In Portland, which has one of the highest recycling rates in the US, the interest in biodiesel has caused people to covet diesel Volkswagens.
"I constantly have people asking me about it," says More.
The vehicles are hard to get. Volkswagen is one of only two car-makers selling diesel passenger cars in the US.
DaimlerChrysler has the Mercedes E320 sedan, which retails for about US$51,000, compared with US$20,000 for the Jetta wagon.
"We're selling them as fast as we get them," says Duane Fulps, fleet manager at a Volkswagen dealer in a Portland suburb.
Volkswagen spokeswoman Marijke Smith said drivers did not have to modify their diesel engines to run on biodiesel, but the fuel was acidic and tended to destroy any rubber parts in engines.
Unlike diesel cars, the fuel is becoming easier to find in Oregon. SeQuential Biofuels co-founder Tomas Endicott, 33, has been shipping it in on railcars from the Midwest for three years.
Endicott's company and Pacific Biodiesel of Hawaii are building a plant in Portland to make as much as 15 million litres of biodiesel a year.
Among their investors is country singer Willie Nelson, who started Willie Nelson Biodiesel in Dallas in January.
Feed for the plant will come from Kettle Foods, maker of Kettle brand potato chips, in Salem, Oregon.
Kettle uses safflower oil to cook its chips and is committed to sending SeQuential 30,000 gallons of used oil a year.
Kettle Foods is a biodiesel user already. It has three company cars - all Volkswagen Beetles - running on it.
The idea of running cars on vegetable oil is as old as the diesel engine itself.
German inventor Rudolph Diesel, who patented his namesake engine in the 1890s, built some that ran on peanut oil.
Now, with oil predicted to go even higher than US$60 a barrel, the idea of running cars on vegetable oil is gaining popularity.
Jamison constructed his biodiesel refinery on the cheap to prove that it can be done. It's housed in a steel shipping container that he bought for US$1400 and planted on a site on the outskirts of Portland.
He uses a beer keg, modified with hoses and spigots, to combine potassium hydroxide and methanol. That mixture flows into two 208-litre drums holding the oil that co-op members bring from restaurants.

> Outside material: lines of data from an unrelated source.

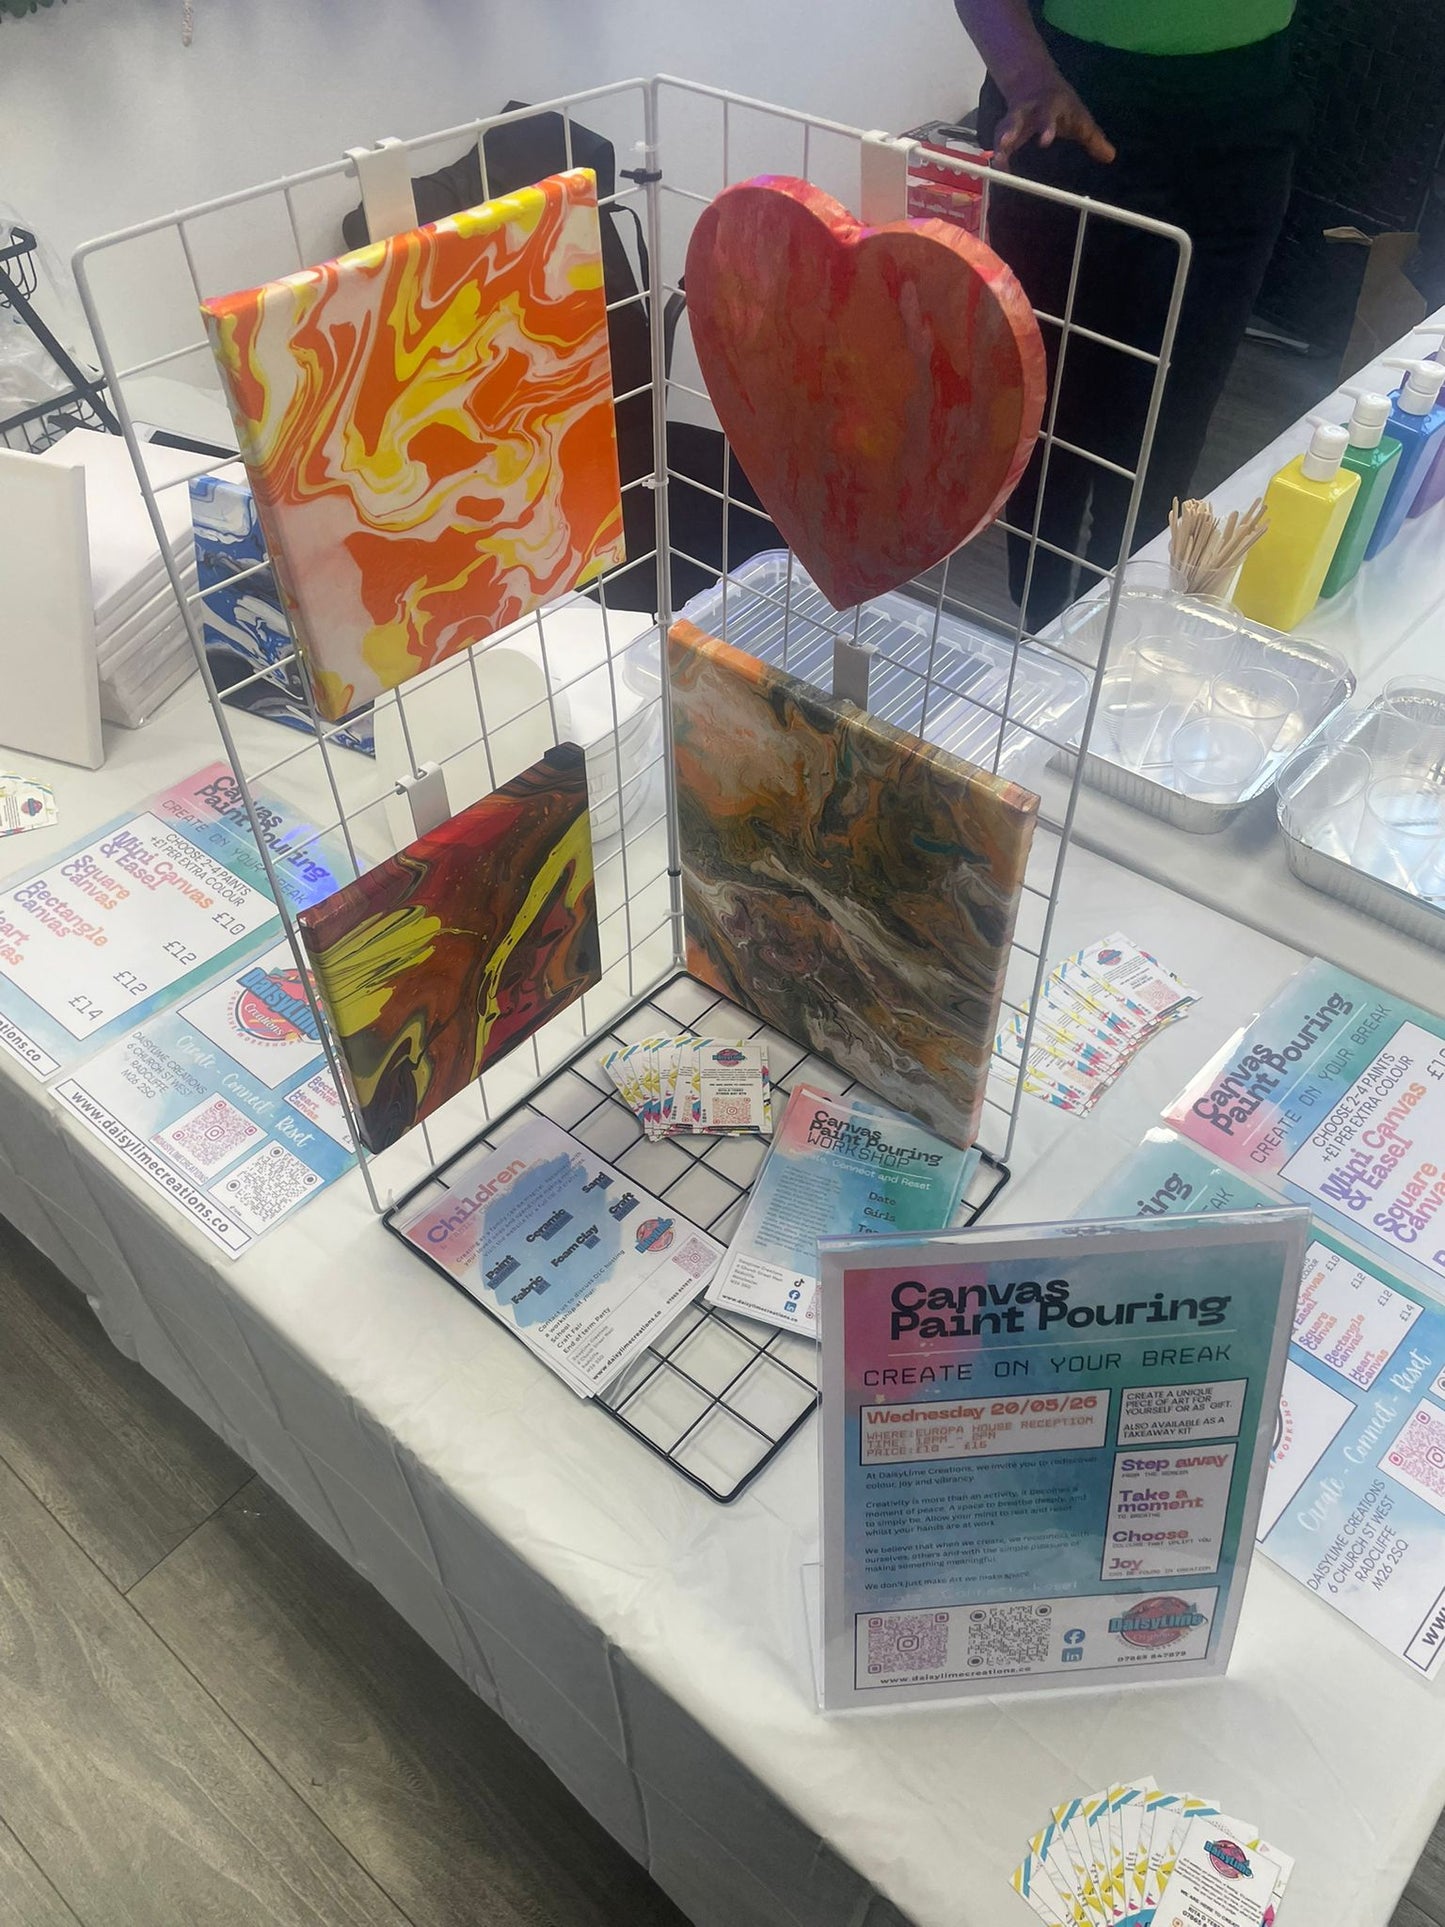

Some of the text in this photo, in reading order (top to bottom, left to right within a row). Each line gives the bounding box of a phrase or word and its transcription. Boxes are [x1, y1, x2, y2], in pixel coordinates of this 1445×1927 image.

[194, 784, 248, 826] Paint
[162, 800, 208, 833] CREATE
[209, 833, 230, 847] ON
[75, 854, 130, 900] Square
[100, 842, 165, 890] & Easel
[113, 831, 214, 909] Mini Canvas
[165, 846, 182, 861] PER
[178, 855, 205, 879] EXTRA
[205, 876, 246, 907] COLOUR
[166, 833, 251, 897] CHOOSE 2-4 PAINTS
[61, 863, 118, 910] Canvas
[13, 889, 71, 938] Canvas
[26, 880, 108, 947] Rectangle
[212, 912, 246, 936] £10
[162, 941, 197, 965] £12
[113, 970, 147, 996] £12
[68, 995, 103, 1021] £14
[244, 1003, 283, 1035] Creations
[131, 1060, 169, 1093] RADCLIFFE
[133, 1047, 164, 1074] CHURCH
[161, 1071, 174, 1082] ST
[167, 1060, 207, 1094] CREATIONS
[1192, 1043, 1273, 1120] Canvas
[1210, 1072, 1280, 1136] Paint
[1267, 992, 1353, 1075] Pouring
[121, 1069, 156, 1099] M26 2SQ
[1250, 1004, 1392, 1164] CREATE ON YOUR BREAK
[1312, 1101, 1355, 1148] CHOOSE
[1362, 1052, 1395, 1087] PAINTS
[1336, 1125, 1358, 1147] PER
[1350, 1097, 1382, 1128] EXTRA
[1375, 1055, 1414, 1097] COLOUR
[222, 1073, 275, 1114] Connect
[275, 1115, 315, 1148] Reset
[815, 1110, 882, 1140] Canvas
[807, 1131, 910, 1168] WORKSHOP
[810, 1119, 943, 1167] Paint Pouring
[1319, 1082, 1428, 1201] Mini Canvas
[71, 1091, 229, 1234] www.daisylimecreations.co
[833, 1160, 931, 1191] Connect and Reset
[1347, 1130, 1414, 1211] & Easel
[427, 1160, 526, 1243] Children
[608, 1192, 634, 1215] Craft
[869, 1191, 896, 1206] Date
[1374, 1162, 1438, 1233] Square
[1393, 1172, 1445, 1243] Canva
[526, 1208, 566, 1243] Ceramic
[551, 1242, 579, 1268] Foam
[576, 1225, 599, 1246] Clay
[485, 1255, 514, 1281] Paint
[1350, 1273, 1366, 1290] £12
[511, 1275, 544, 1304] Fabric
[891, 1277, 1069, 1312] Canvas
[1377, 1289, 1393, 1307] £12
[891, 1293, 1232, 1340] Paint Pouring
[1299, 1312, 1329, 1345] Square
[1400, 1304, 1415, 1322] £14
[1306, 1315, 1337, 1351] Canvas
[1324, 1314, 1365, 1363] Rectangle
[1333, 1333, 1364, 1368] Canvas
[864, 1344, 1231, 1386] CREATE ON YOUR BREAK
[1349, 1350, 1375, 1380] Heart
[1359, 1349, 1389, 1385] Canvas
[1125, 1406, 1171, 1415] YOURSELF
[1175, 1404, 1190, 1412] OR
[1192, 1403, 1205, 1411] AS
[1126, 1387, 1212, 1400] CREATE UNIQUE
[1126, 1400, 1153, 1408] PIECE
[1155, 1398, 1168, 1406] OF
[1192, 1395, 1211, 1403] FOR
[867, 1405, 985, 1424] Wednesday
[1020, 1416, 1093, 1429] RECEPTION
[1123, 1422, 1148, 1430] ALSO
[1151, 1418, 1199, 1429] AVAILABLE
[1123, 1427, 1191, 1438] TAKEAWAY KIT
[1297, 1348, 1432, 1532] Create Connect Reset
[879, 1469, 926, 1478] DaisyLime
[1121, 1454, 1228, 1471] Step away
[1117, 1497, 1204, 1512] moment
[1119, 1488, 1188, 1502] Take a
[1112, 1530, 1189, 1542] Choose
[1307, 1478, 1386, 1591] DAISYLIME CREATIONS
[1328, 1495, 1395, 1594] 6 CHURCH ST WEST
[1109, 1558, 1143, 1571] Joy
[1354, 1525, 1397, 1582] RADCLIFFE
[1371, 1538, 1409, 1591] M26 2SQ
[1108, 1611, 1205, 1633] DaisyLime
[880, 1666, 1031, 1684] www.daisylimecreations.co
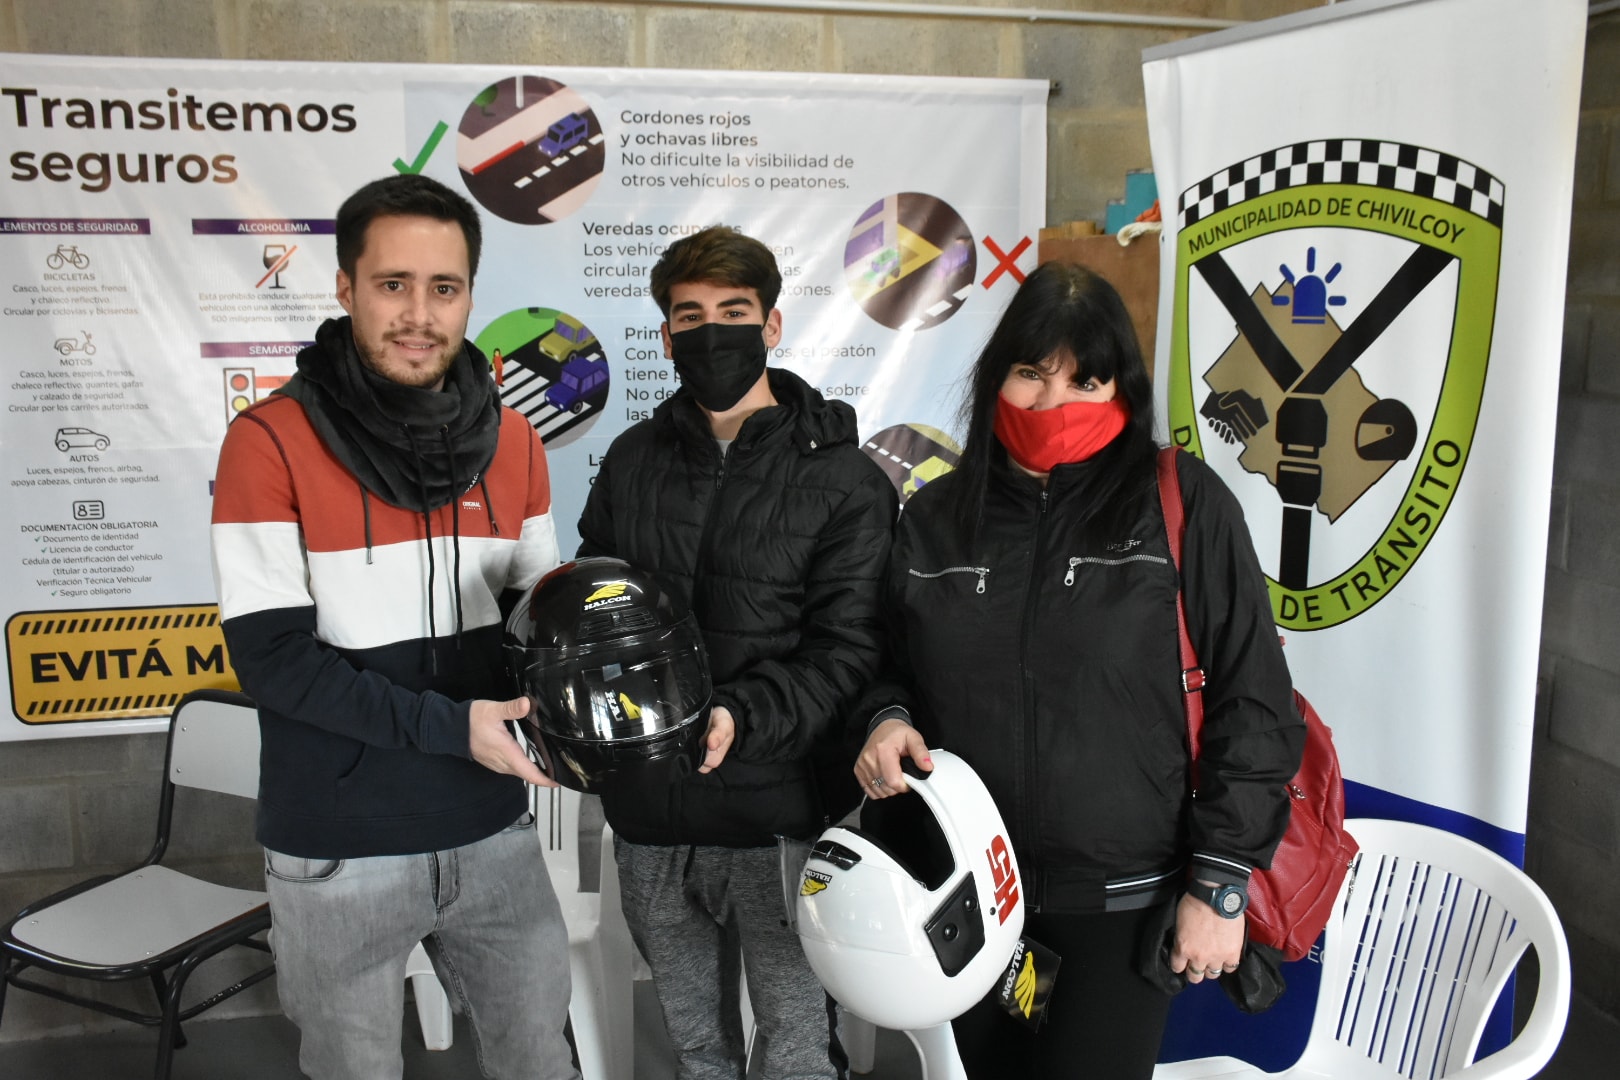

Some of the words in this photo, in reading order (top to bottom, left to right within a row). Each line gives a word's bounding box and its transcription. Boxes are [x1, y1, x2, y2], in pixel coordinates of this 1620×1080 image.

[1, 88, 358, 133] Transitemos
[620, 110, 704, 125] Cordones
[709, 111, 751, 129] rojos
[620, 134, 630, 148] y
[635, 131, 706, 146] ochavas
[712, 132, 758, 146] libres
[621, 152, 646, 166] No
[650, 152, 722, 167] dificulte
[727, 152, 740, 167] la
[745, 153, 829, 168] visibilidad
[833, 154, 854, 168] de
[10, 150, 239, 193] seguros
[621, 174, 665, 187] otros
[670, 173, 750, 188] vehículos
[754, 177, 765, 188] o
[770, 176, 849, 191] peatones.
[0, 222, 58, 232] LEMENTOS
[60, 222, 75, 232] DE
[77, 222, 139, 232] SEGURIDAD
[237, 223, 311, 233] ALCOHOLEMIA
[582, 221, 653, 236] Veredas
[1188, 198, 1322, 255] MUNICIPALIDAD
[1327, 198, 1353, 216] DE
[1356, 200, 1465, 245] CHIVILCOY
[584, 243, 613, 256] Los
[617, 242, 667, 256] vehíc
[43, 272, 96, 281] BICICLETAS
[584, 262, 648, 277] circular
[584, 283, 651, 297] veredas
[625, 347, 658, 361] Con
[59, 358, 93, 367] MOTOS
[625, 367, 668, 381] tiene
[626, 388, 650, 401] No
[826, 384, 870, 397] sobre
[626, 407, 649, 421] las
[69, 454, 100, 462] AUTOS
[20, 522, 99, 533] DOCUMENTACIÓN
[100, 520, 159, 530] OBLIGATORIA
[1280, 594, 1323, 622] DE
[1330, 439, 1461, 612] TRÁNSITO
[42, 535, 89, 543] Documento
[91, 533, 101, 541] de
[102, 532, 139, 541] identidad
[49, 545, 81, 554] Licencia
[83, 544, 94, 552] de
[95, 544, 134, 552] conductor
[51, 556, 62, 564] de
[117, 554, 129, 562] del
[89, 565, 135, 574] autorizado)
[116, 575, 152, 584] Vehicular
[59, 588, 88, 598] Seguro
[90, 587, 132, 597] obligatorio
[583, 595, 632, 611] HALCON
[30, 638, 173, 684] EVITÁ
[185, 644, 225, 675] M
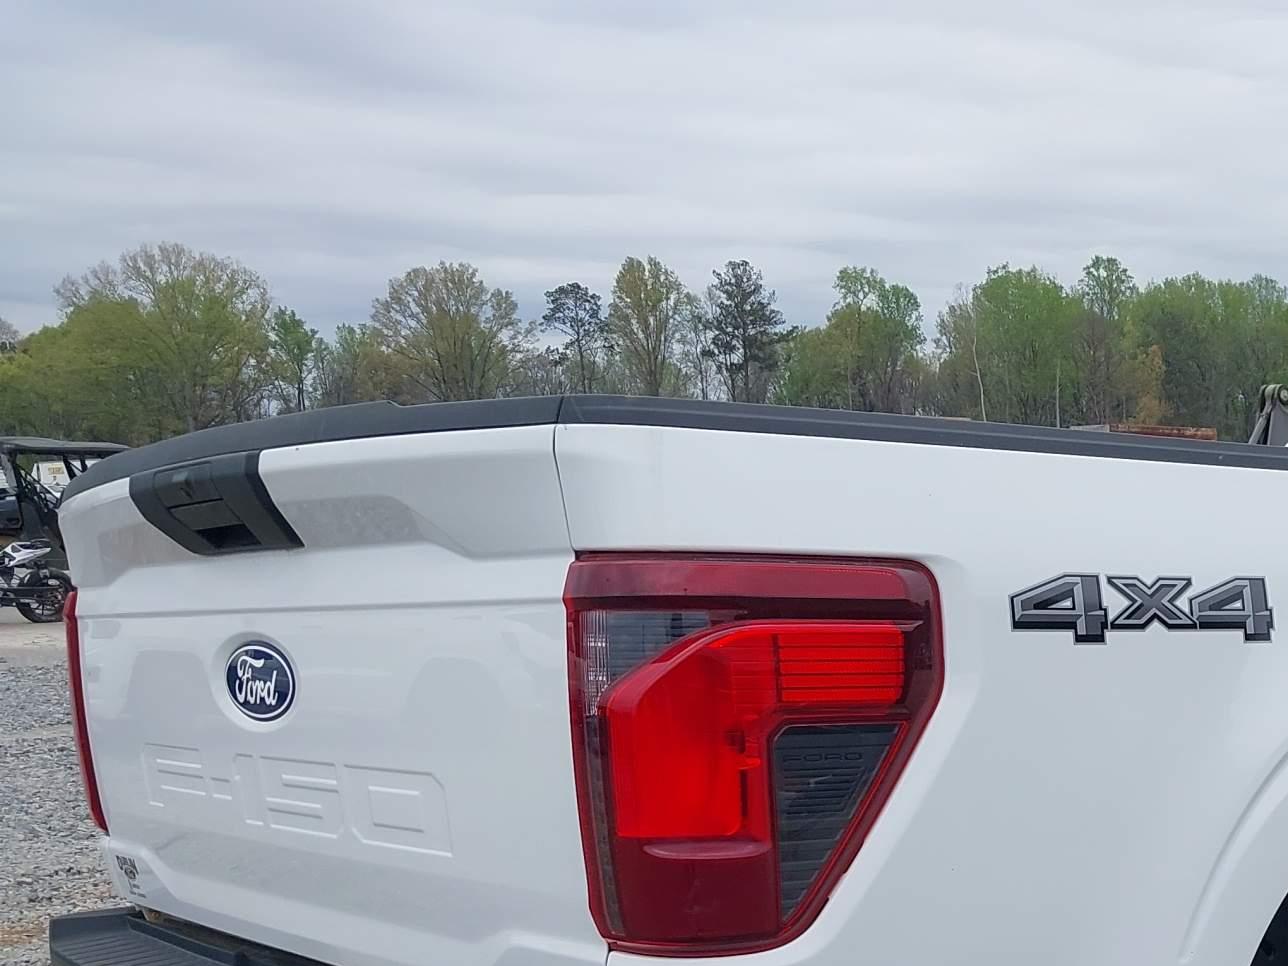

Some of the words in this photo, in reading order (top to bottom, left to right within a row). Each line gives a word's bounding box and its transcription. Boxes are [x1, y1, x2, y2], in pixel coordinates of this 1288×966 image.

[1009, 573, 1275, 645] 4X4
[236, 655, 278, 706] Ford
[141, 742, 454, 857] F-150

Jamison heats them to 140 degrees and then lets each batch settle. The biodiesel comes out on top and glycerine on the bottom. He makes soap with the glycerine.
The co-op plans to charge members US$2.25 a gallon for the fuel. Regular diesel sells for about US$2.40.
Jamison estimates that each gallon of biodiesel costs about a US dollar to make. Federal and state excise taxes add 49USc.
* The idea of running cars on vegetable oil is as old as the diesel engine.
* German inventor Rudolph Diesel, who patented his namesake engine in the 1890s, built some that ran on peanut oil.